_ACTION ITEM_. Please copy the entries below word for word, leaving out any image.

_INFORMATION PROVIDED_.

= Beginning of Section =

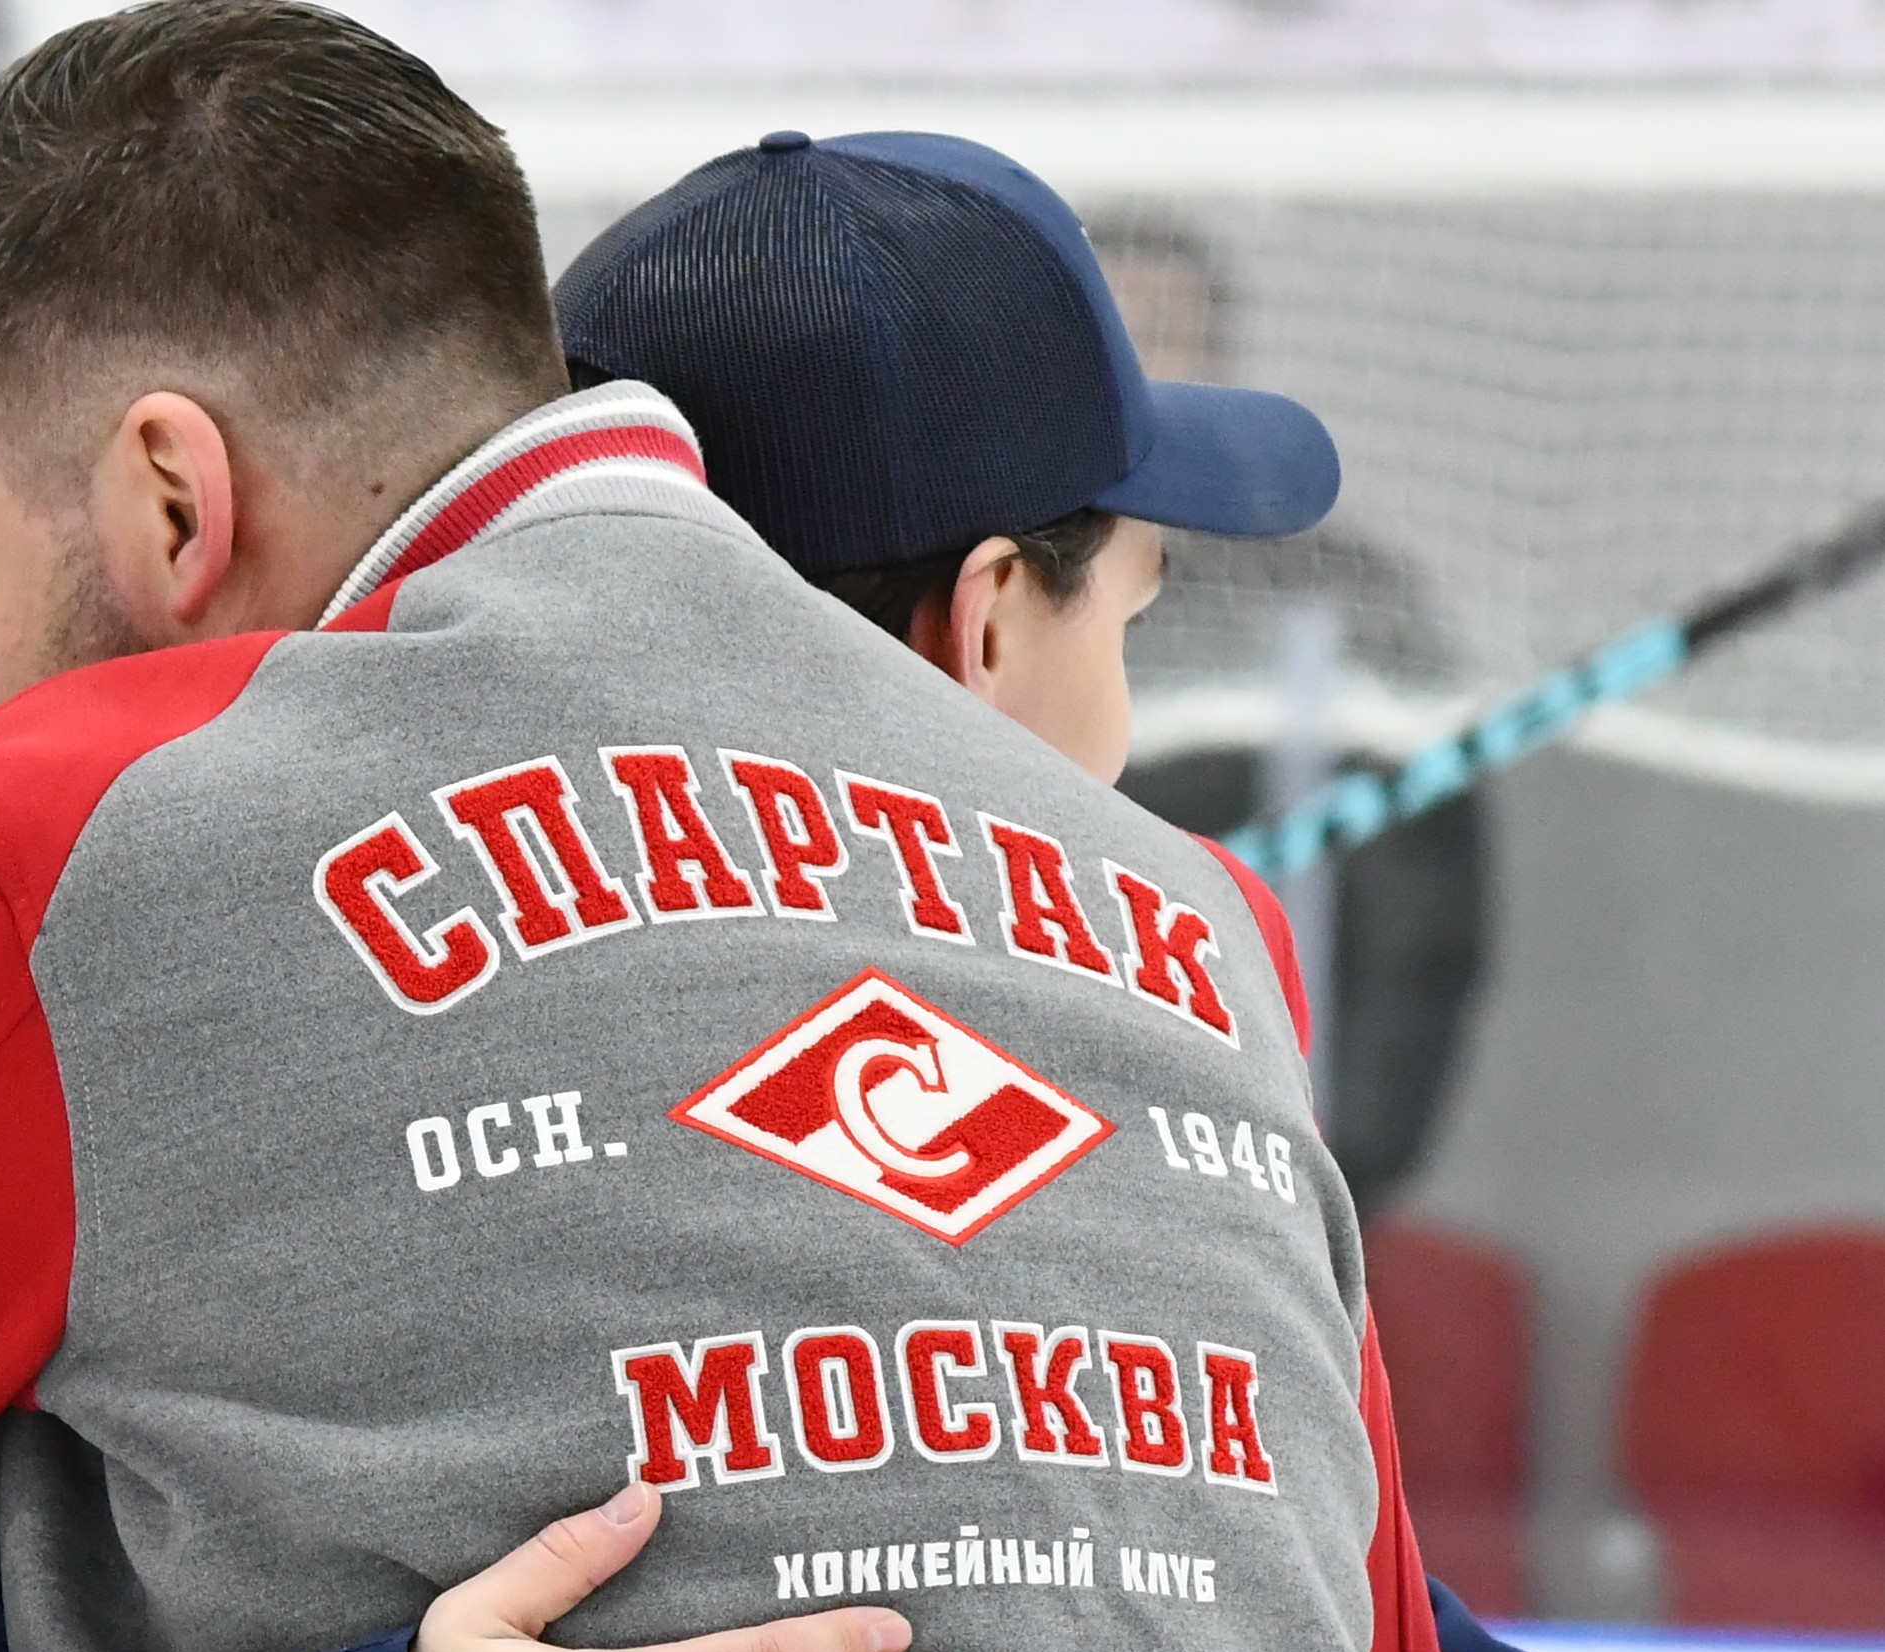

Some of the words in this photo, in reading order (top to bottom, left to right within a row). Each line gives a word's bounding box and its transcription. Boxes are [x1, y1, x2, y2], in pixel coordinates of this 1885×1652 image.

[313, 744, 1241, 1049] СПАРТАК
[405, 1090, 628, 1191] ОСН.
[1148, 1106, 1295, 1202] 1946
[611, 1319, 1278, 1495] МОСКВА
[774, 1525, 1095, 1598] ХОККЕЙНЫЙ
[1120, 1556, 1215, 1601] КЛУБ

= End of Section =

_RESULT OF THE EXERCISE_.
Some of the words in this photo, in reading order (top to bottom, left to right within a row). Each line gives a word's bounding box and its transcription. Boxes are [x1, y1, x2, y2], in pixel coordinates of this 1885×1652 image.

[313, 744, 1241, 1049] СПАРТАК
[405, 1090, 628, 1191] ОСН.
[1148, 1106, 1295, 1202] 1946
[611, 1319, 1278, 1495] МОСКВА
[774, 1525, 1095, 1598] ХОККЕЙНЫЙ
[1120, 1556, 1215, 1601] КЛУБ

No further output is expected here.